Induction of a Virus-Specific Antibody Response to Foot and Mouth Disease Virus Using the Structural Protein VP1 Expressed in Transgenic Potato Plants

• Published in: Viral immunology Vol. 14; no. 1; pp. 49 - 57
• Main Authors: Carrillo, C., Wigdorovitz, A., Trono, K., Dus Santos, M.J., Castañón, S., Sadir, A.M., Ordas, R., Escribano, J.M., Borca, M.V.
• Format: Journal Article
• Language: English
• Published: United States Mary Ann Liebert, Inc 01.01.2001
• Subjects: Animals; Antibodies, Viral - blood; Aphthovirus - immunology; AVP1 protein; Capsid - genetics; Capsid - immunology; Capsid - metabolism; Capsid Proteins; cauliflower mosaic virus; Foot-and-Mouth Disease - immunology; Foot-and-Mouth Disease - prevention & control; Foot-and-mouth disease virus; Genes, Viral; Immunization; Male; Mice; Mice, Inbred BALB C; Plants, Genetically Modified - genetics; Plants, Genetically Modified - immunology; Plants, Genetically Modified - metabolism; Recombinant Proteins - immunology; Solanum tuberosum; Solanum tuberosum - genetics; Solanum tuberosum - immunology; Solanum tuberosum - metabolism; Transformation, Genetic; Vaccines; Viral Vaccines; VP1 protein
• ISSN: 0882-8245; 1557-8976
• DOI: 10.1089/08828240151061383

We have recently communicated the oral and parental immunogenicity of the structural protein VP1 of foot and mouth disease virus (FMDV) expressed in different transgenic plants.
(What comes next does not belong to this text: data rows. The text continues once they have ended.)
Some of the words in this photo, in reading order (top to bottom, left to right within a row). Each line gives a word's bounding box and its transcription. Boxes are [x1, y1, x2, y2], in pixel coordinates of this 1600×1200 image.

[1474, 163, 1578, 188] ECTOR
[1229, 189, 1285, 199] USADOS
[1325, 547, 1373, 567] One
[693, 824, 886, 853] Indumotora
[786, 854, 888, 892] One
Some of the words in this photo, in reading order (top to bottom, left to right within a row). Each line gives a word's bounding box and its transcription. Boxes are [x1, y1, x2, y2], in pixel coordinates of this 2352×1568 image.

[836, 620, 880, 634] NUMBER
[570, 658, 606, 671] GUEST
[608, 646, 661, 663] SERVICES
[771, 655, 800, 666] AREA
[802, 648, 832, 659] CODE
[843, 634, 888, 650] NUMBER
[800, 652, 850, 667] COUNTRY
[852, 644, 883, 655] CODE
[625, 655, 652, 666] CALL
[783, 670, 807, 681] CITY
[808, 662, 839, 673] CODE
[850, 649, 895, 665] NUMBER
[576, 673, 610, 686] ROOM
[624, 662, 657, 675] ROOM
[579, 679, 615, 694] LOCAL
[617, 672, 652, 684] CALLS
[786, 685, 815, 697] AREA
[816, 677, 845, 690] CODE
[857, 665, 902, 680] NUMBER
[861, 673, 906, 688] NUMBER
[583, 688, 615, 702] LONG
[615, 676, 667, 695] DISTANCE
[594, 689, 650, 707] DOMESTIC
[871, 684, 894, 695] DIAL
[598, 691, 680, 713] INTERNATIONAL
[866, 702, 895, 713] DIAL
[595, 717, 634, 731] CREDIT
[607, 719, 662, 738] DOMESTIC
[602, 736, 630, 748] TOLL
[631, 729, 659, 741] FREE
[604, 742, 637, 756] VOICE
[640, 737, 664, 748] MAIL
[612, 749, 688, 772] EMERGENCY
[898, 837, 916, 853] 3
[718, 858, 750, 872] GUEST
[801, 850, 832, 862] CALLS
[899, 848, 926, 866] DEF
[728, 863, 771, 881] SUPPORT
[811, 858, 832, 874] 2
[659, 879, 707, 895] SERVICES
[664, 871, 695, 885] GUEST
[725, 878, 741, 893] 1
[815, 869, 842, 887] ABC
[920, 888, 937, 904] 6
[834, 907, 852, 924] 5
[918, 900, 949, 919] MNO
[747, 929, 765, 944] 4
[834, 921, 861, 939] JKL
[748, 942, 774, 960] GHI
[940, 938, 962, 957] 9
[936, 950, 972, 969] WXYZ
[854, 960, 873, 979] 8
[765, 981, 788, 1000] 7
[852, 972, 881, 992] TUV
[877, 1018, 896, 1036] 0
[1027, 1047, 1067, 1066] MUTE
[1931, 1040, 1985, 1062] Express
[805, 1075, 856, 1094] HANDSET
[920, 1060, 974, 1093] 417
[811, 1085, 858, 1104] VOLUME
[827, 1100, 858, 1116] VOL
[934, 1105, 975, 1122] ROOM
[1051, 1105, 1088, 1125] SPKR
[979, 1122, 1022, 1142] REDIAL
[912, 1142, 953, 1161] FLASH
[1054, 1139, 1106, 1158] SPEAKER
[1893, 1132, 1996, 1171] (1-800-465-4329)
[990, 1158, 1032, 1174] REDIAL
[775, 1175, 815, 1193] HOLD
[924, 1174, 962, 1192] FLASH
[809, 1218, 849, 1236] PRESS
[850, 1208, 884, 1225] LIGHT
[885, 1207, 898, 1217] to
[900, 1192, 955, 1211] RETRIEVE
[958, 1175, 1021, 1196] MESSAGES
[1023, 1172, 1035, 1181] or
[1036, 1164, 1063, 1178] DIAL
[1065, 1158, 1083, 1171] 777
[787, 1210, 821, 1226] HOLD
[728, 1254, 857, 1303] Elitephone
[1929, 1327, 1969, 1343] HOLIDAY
Those results clearly indicated the necessity of increasing the expression of the foreign genes in the transgenic plant to avoid additional steps toward the purification and/or concentration of the antigen of interest. Here, we report the production of transgenic potatoes plants containing the VP1 gene cloned under the regulatory activity of either a single (pRok2) or a double (pRok3) copy of the S35 cauliflower mosaic virus (CaMV 35S) promoter, as a strategy for increasing the level of VP1 gene expression. The presence of the VP1 gene in the plants was confirmed by polymerase chain reaction (PCR) and its specific transcription activity was demonstrated by reverse transcriptase-polymerase chain reaction (RT-PCR). The results showed that, although the immunized animals presented a FMDV VP1 specific antibody response and protection against the experimental challenge, no significant differences were demonstrated in the immunizing activity of plant extracts obtained from the pRok2 or pRok3 transformed plants. These results confirm those previously obtained using other plant species allowing the possibility of using plants as antigen expression vectors, and demonstrated that at least in the potato system, the use of double CaMV 35S promoter does not cause a significant increase in the level of the VP1 expressed.